• Task to carry out
Write the data out again exactly, with every picture removed.

Records drawn from a dataset

========================================

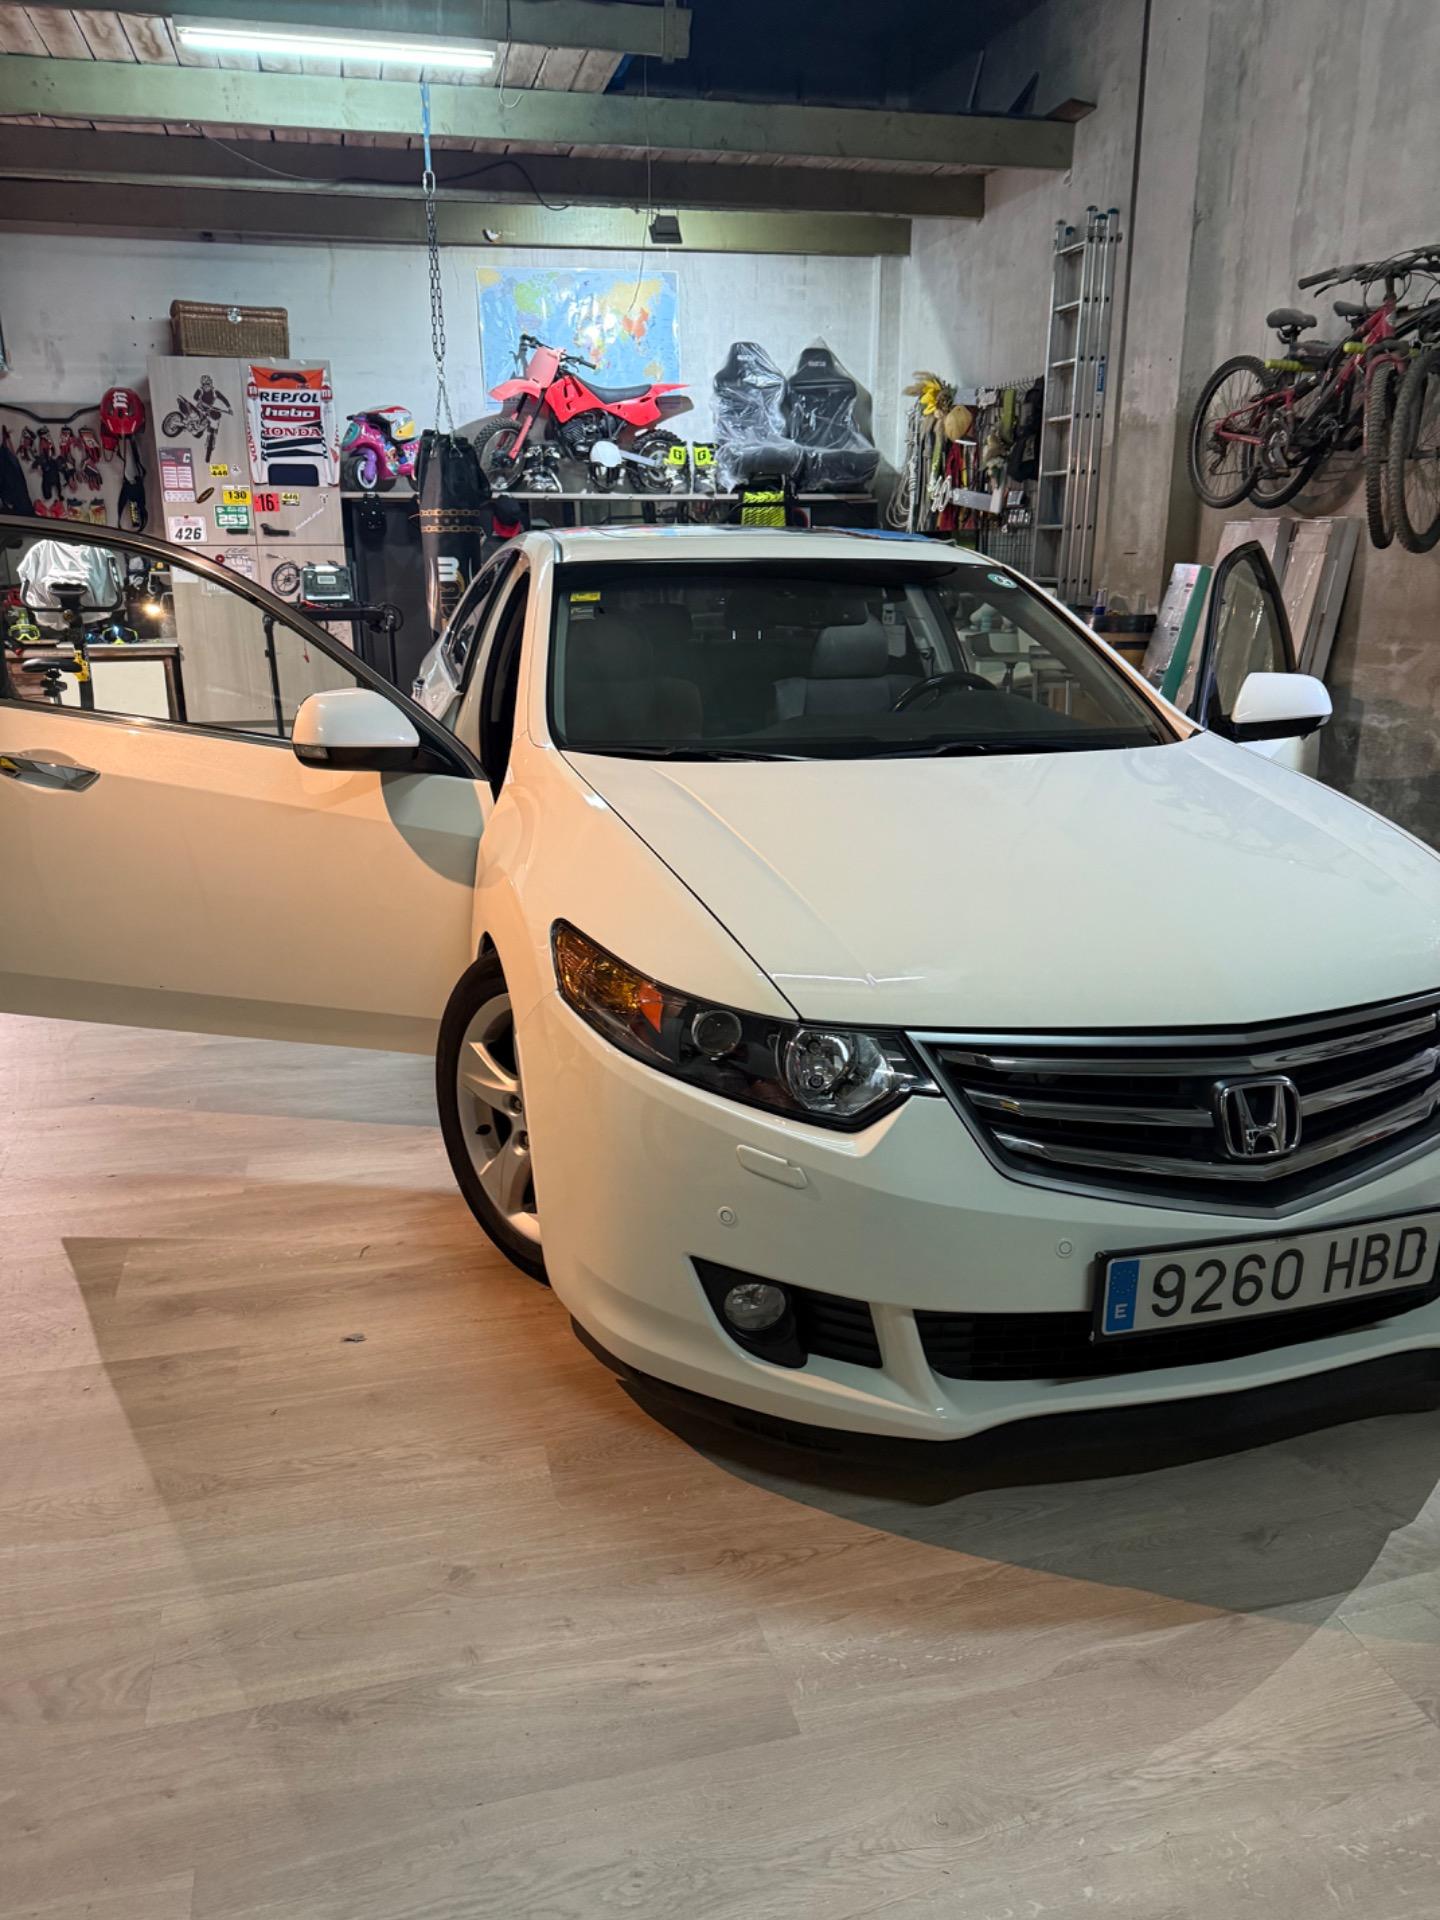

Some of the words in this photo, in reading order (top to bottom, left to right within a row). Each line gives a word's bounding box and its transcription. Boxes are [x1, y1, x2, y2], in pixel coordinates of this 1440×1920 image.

[259, 391, 320, 403] REPSOL
[264, 406, 316, 418] hebo
[696, 449, 707, 461] G
[227, 490, 247, 500] 130
[258, 492, 276, 512] 16
[218, 513, 248, 525] 253
[174, 527, 203, 541] 426
[1151, 1248, 1305, 1318] 9260
[1322, 1226, 1428, 1293] HBD
[1113, 1303, 1127, 1320] E
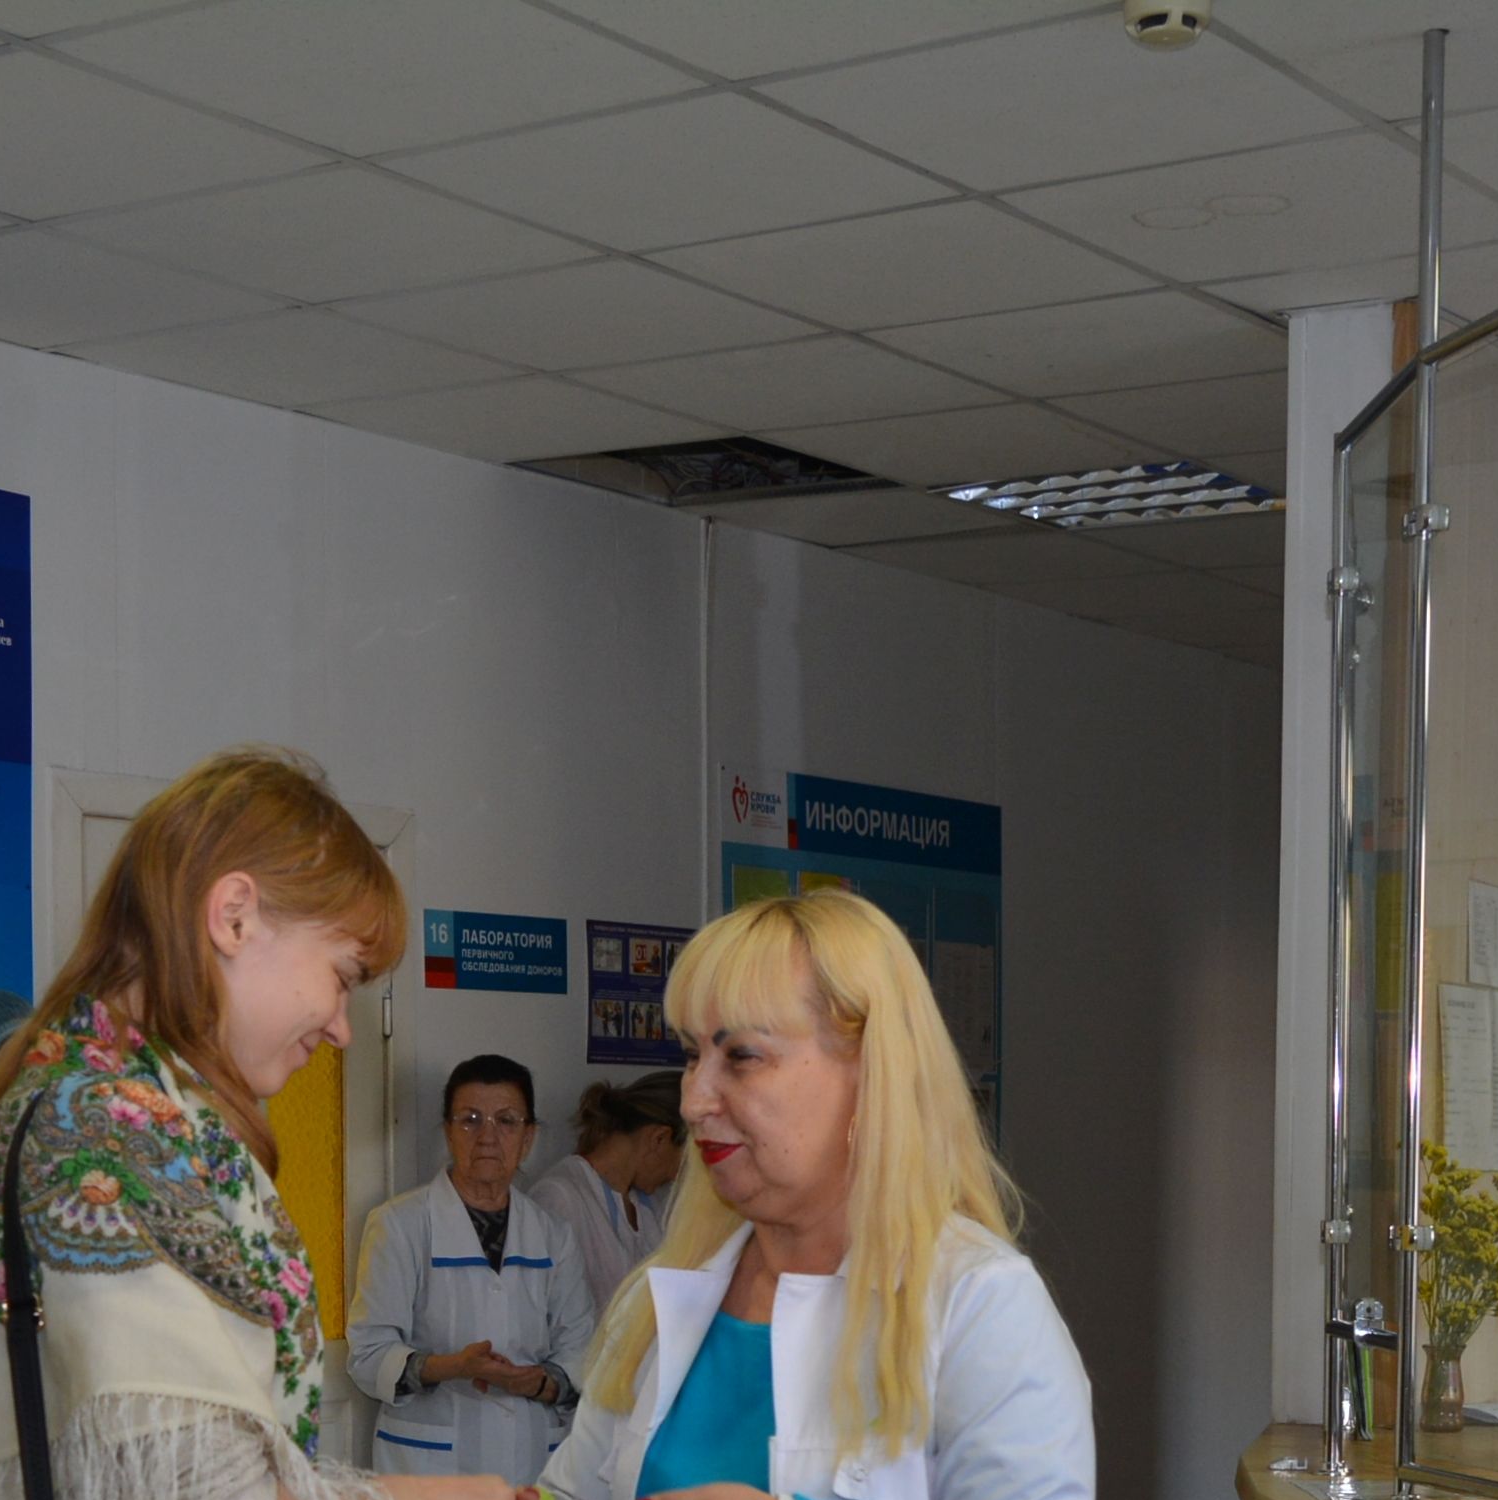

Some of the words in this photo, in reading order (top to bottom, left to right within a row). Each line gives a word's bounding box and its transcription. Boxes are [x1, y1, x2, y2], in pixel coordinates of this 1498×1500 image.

[805, 800, 950, 850] ИНФОРМАЦИЯ
[430, 923, 448, 943] 16
[461, 929, 553, 949] ЛАБОРАТОРИЯ
[461, 948, 514, 960] ПЕРВИЧНОГО
[462, 962, 526, 975] ОБСЛЕДОВАНИЯ
[527, 966, 563, 977] ДОНОРОВ

========================================

• Written answer
Some of the words in this photo, in reading order (top to bottom, left to right within a row). Each line gives a word's bounding box and its transcription. Boxes are [x1, y1, x2, y2], in pixel coordinates of this 1440×1920 image.

[259, 391, 320, 403] REPSOL
[264, 406, 316, 418] hebo
[696, 449, 707, 461] G
[227, 490, 247, 500] 130
[258, 492, 276, 512] 16
[218, 513, 248, 525] 253
[174, 527, 203, 541] 426
[1151, 1248, 1305, 1318] 9260
[1322, 1226, 1428, 1293] HBD
[1113, 1303, 1127, 1320] E

Some of the words in this photo, in reading order (top to bottom, left to right within a row). Each line gives a word's bounding box and its transcription. Boxes are [x1, y1, x2, y2], in pixel coordinates of this 1498×1500 image.

[805, 800, 950, 850] ИНФОРМАЦИЯ
[430, 923, 448, 943] 16
[461, 929, 553, 949] ЛАБОРАТОРИЯ
[461, 948, 514, 960] ПЕРВИЧНОГО
[462, 962, 526, 975] ОБСЛЕДОВАНИЯ
[527, 966, 563, 977] ДОНОРОВ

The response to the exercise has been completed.